Für Menschen, die nach 1990 geboren wurden, ist die SVR sogar eine permanente Fixgröße in Österreichs höchster Spielklasse. Wenn man quer durch die Kommentare auf verschiedenen Plattformen (z.B. AustrianSoccerBoard, derstandard.at/sport oder transfermarkt.at) blickt, so hat die SVR es sogar größtenteils geschafft, als erster „Dorfklub“ das Dorfklubimage abzulegen bzw. als Paradebeispiel für einen funktionierenden oder sogar gern gesehenen Dorfklub zu gelten (dies liegt nicht nur an der schwachen Auswärtsbilanz).
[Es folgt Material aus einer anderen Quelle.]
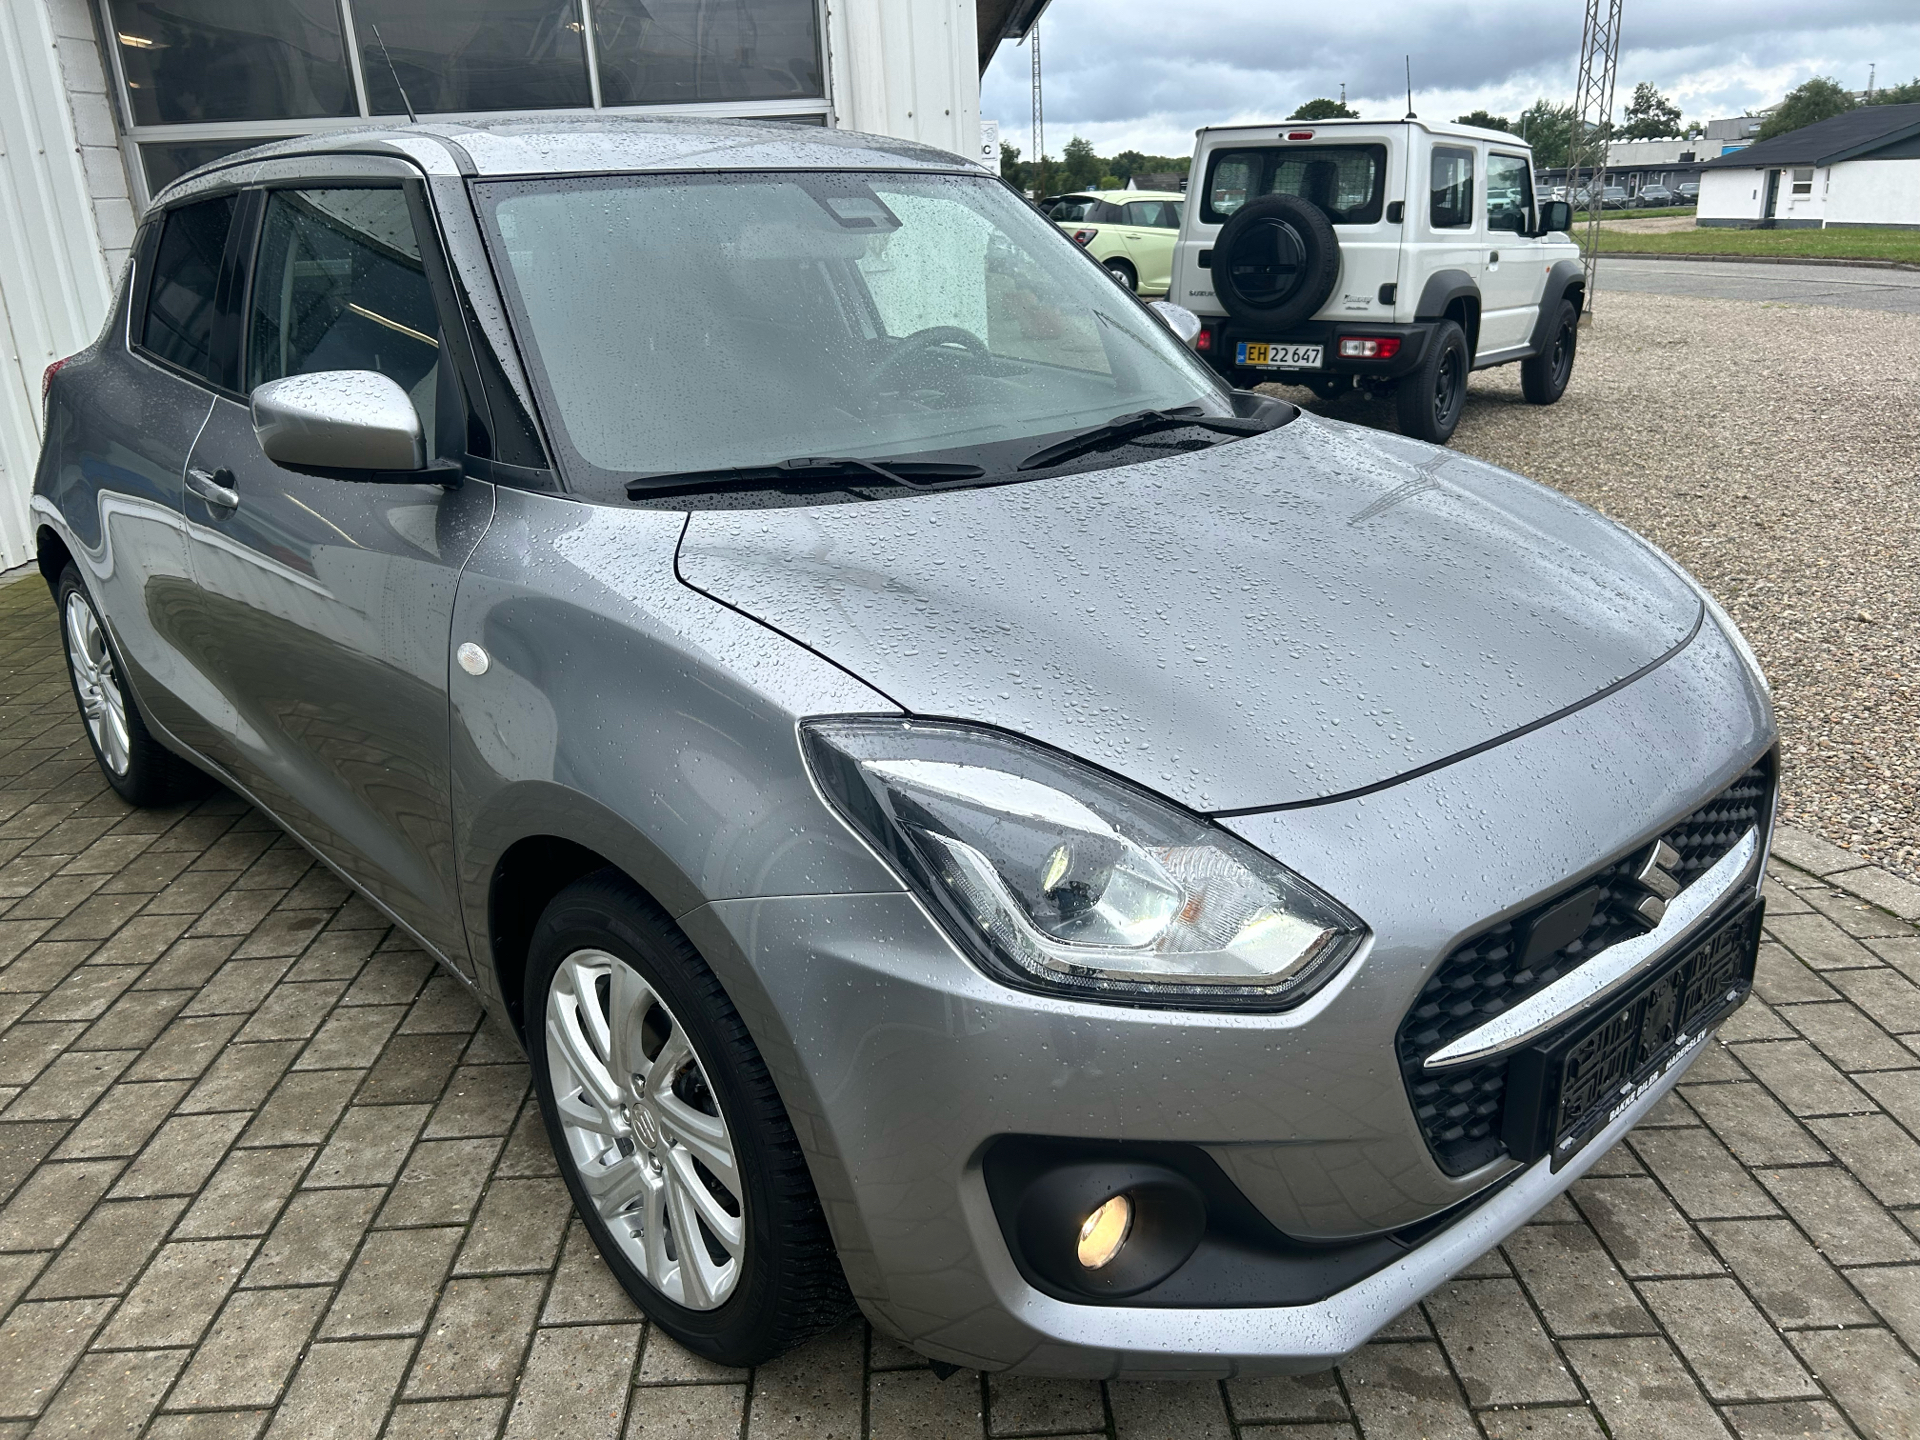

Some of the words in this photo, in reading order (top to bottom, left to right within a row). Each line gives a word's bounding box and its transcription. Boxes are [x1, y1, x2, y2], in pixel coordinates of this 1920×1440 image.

[1247, 346, 1267, 361] EH
[1270, 347, 1288, 362] 22
[1292, 347, 1320, 363] 647
[1609, 1091, 1636, 1122] BAKKE
[1637, 1071, 1659, 1097] BILER
[1665, 1028, 1707, 1071] HADERSLEV
Und dennoch erscheinen Jahr für Jahr noch immer Artikel, welche glauben alles (vieles) schlecht reden zu müssen. Mein Ausgangspunkt für diesen Blogartikel ist der am 13. Juli erschienene Kommentar von Florian Vetter beim Standard. Dort wird man nicht nur fälschlicherweise als „graue Maus“ bezeichnet (ein Prädikat, welches die Admira seit Jahren und Jahrzehnten einnimmt und welches die eigenen Fans sogar schon lieb gewonnen haben), sondern es wird auch das sinkende Zuschauerinteresse mit „nur mehr 4.032 Zuschauern pro Partie“ bemängelt.
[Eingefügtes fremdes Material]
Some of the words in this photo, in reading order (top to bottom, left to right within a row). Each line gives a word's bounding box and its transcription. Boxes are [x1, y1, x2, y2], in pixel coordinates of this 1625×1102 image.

In der Stadt Ried im Innkreis leben aktuell 11.680 Bewohner (Stand: 1. Jänner 2016), der Bezirk Ried im Innkreis umfasst 59.878 Menschen und damit ca. ein Viertel des urbanen Linzer Raums. In der gesamtösterreichischen (Fußball-)Zuschauertabelle lag man dennoch auf dem 7. Rang und damit vor den Traditionsvereinen aus Innsbruck (3.758), Linz (3.453) oder dem Aufsteiger aus der Landeshauptstadt St. Pölten (2.763). Für meinen Geschmack nicht so schlecht und gesamtheitlich gesehen daher keine Schande.
Das Fass zum überlaufen gebracht hat (nicht nur bei mir) jedoch folgender Absatz:
Die Rieder Fußballer werden auch Wikinger genannt. Dass ihre Fans das isländische Anfeuerungsritual „Húh“ so unverschämt fladern wie die Franzosen bei der EURO, sollte nicht passieren. Es würde auch nicht so auffallen. Das stakkatoartige „Húh“ samt synchronem Klatschen wird erst in der Masse richtig laut.
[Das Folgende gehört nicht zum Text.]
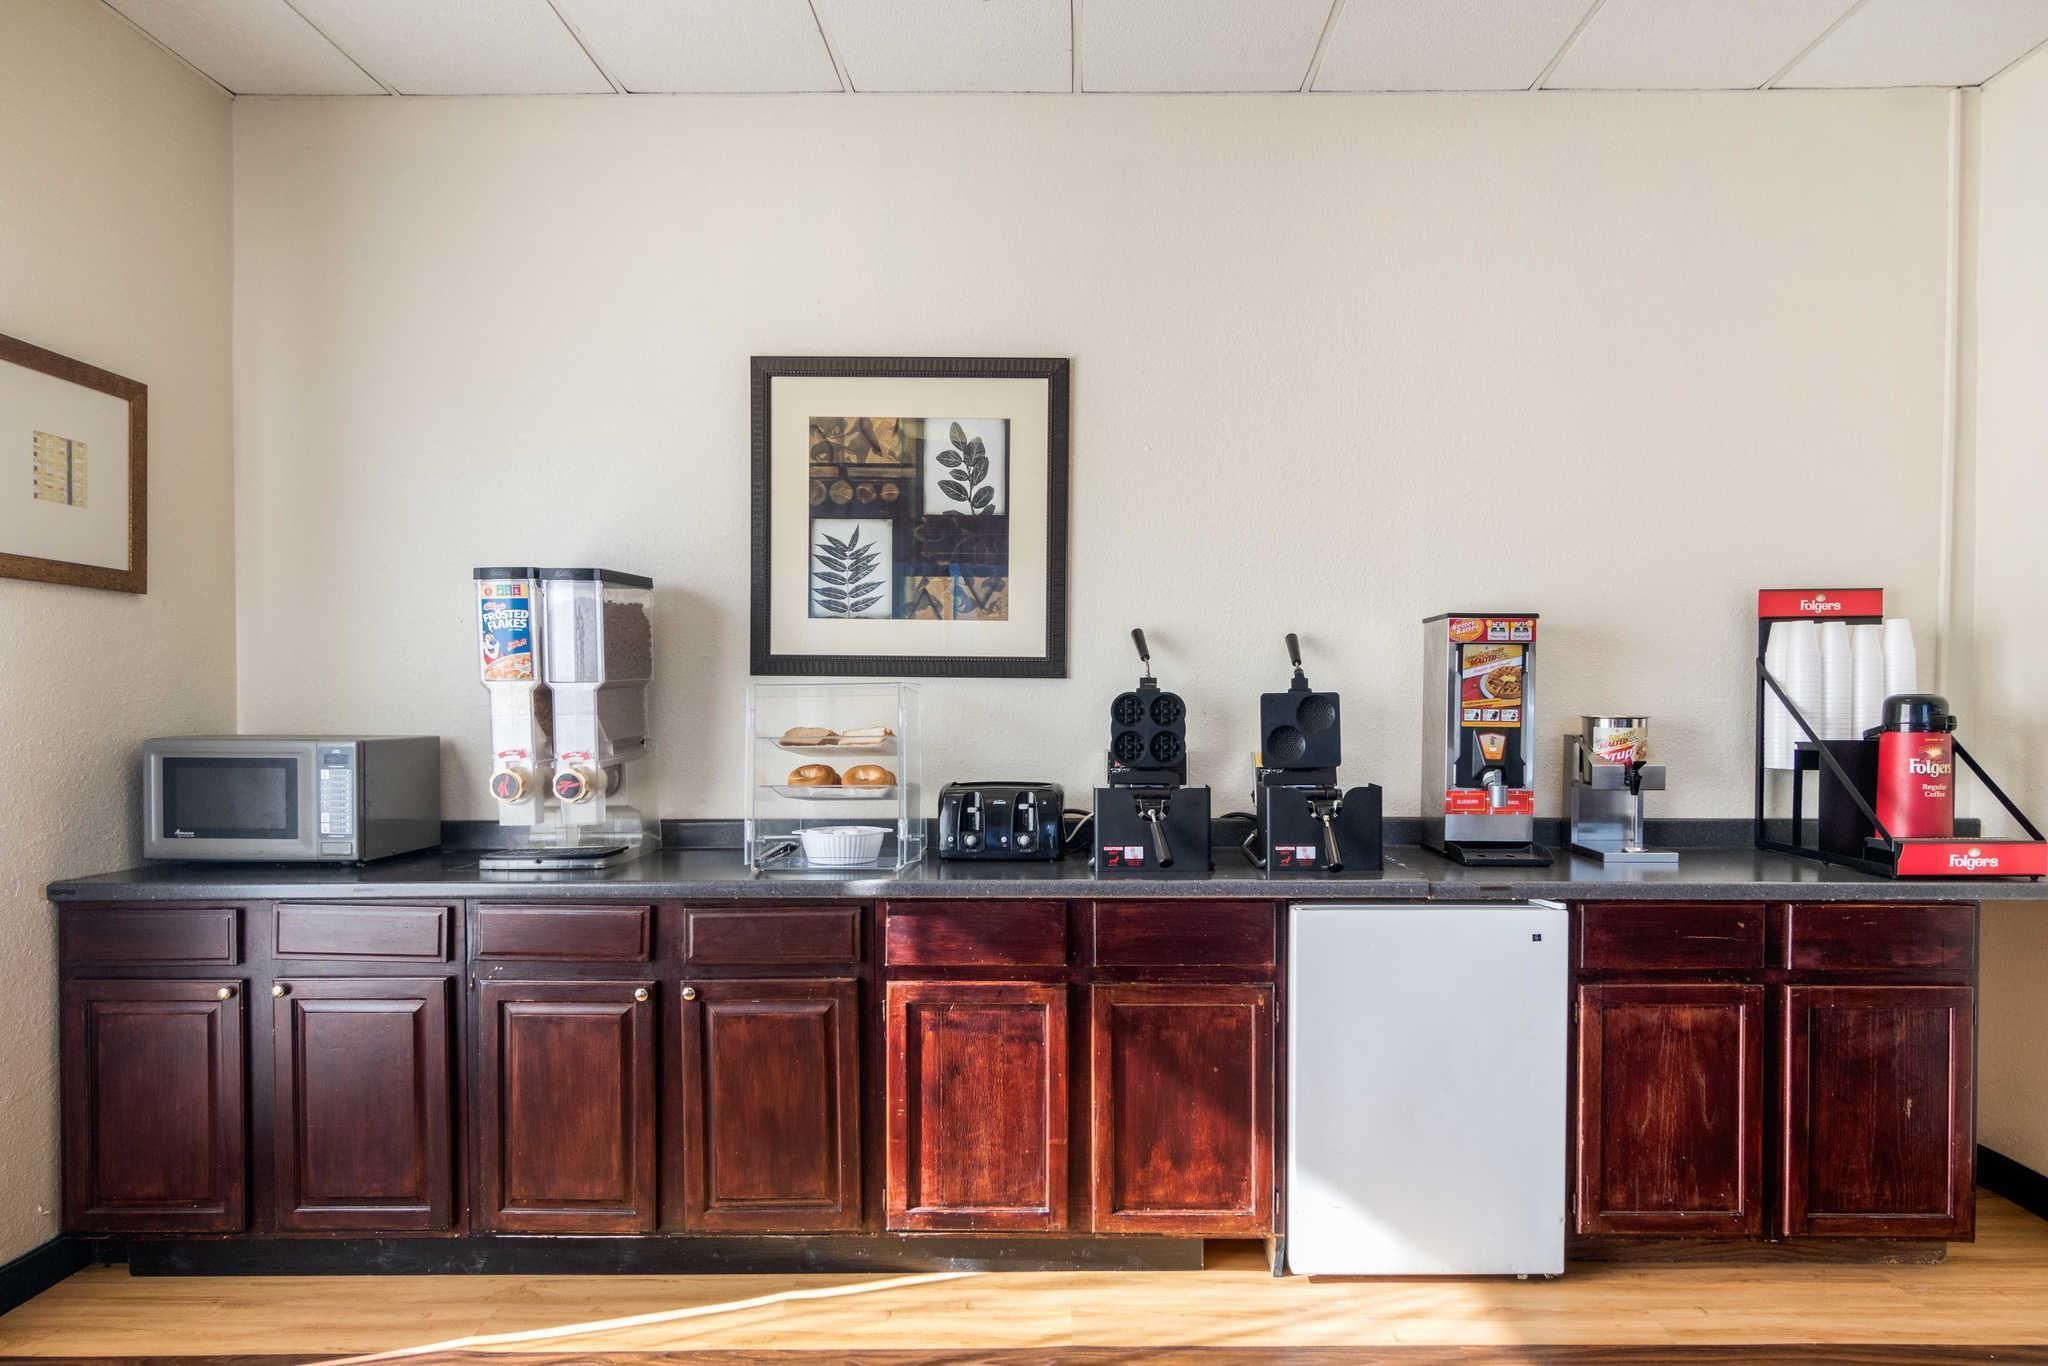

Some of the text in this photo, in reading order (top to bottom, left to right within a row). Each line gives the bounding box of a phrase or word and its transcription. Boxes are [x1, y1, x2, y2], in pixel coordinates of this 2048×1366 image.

[1800, 599, 1841, 613] Folgers
[483, 609, 528, 622] FROSTED
[487, 618, 527, 632] FLAKES
[1949, 854, 1999, 870] Folgers
Zum einen wird das synchrone Klatschen in Ried schon seit drei oder vier Jahren durchgeführt. Gefladert wird also gar nichts (abgesehen davon wird im Fußballfantum sowieso alles irgendwann mal gefladert). Wie dem auch sei: das „HÚH“ wird durch ein „ES“ „VAU“ „RIED“ ersetzt und ist für den Durchschnitts-Fan auf der West immer eines der Mitmachhighlights während einer Bundesligapartie. Auf der Rieder Westtribüne finden bis zu 2.500 Menschen Platz, zumindest 1.000 sind immer anwesend. Mitunter schafft man es, dass dieses Klatschen zweimal von der Gegenseite zurückhallt.
Wikinger haben ihren Stolz und auch Menschen aus dem Innviertel haben ihren Stolz. Wenn man also der Meinung ist, einen Artikel mit einer Abrissbirne oder ironischen Note zu garnieren, dann sollte man zumindest seine Fakten richtig zusammen bekommen, denn auch die Nutzerkommentare zu diesem Artikel sprechen eine deutliche Sprache.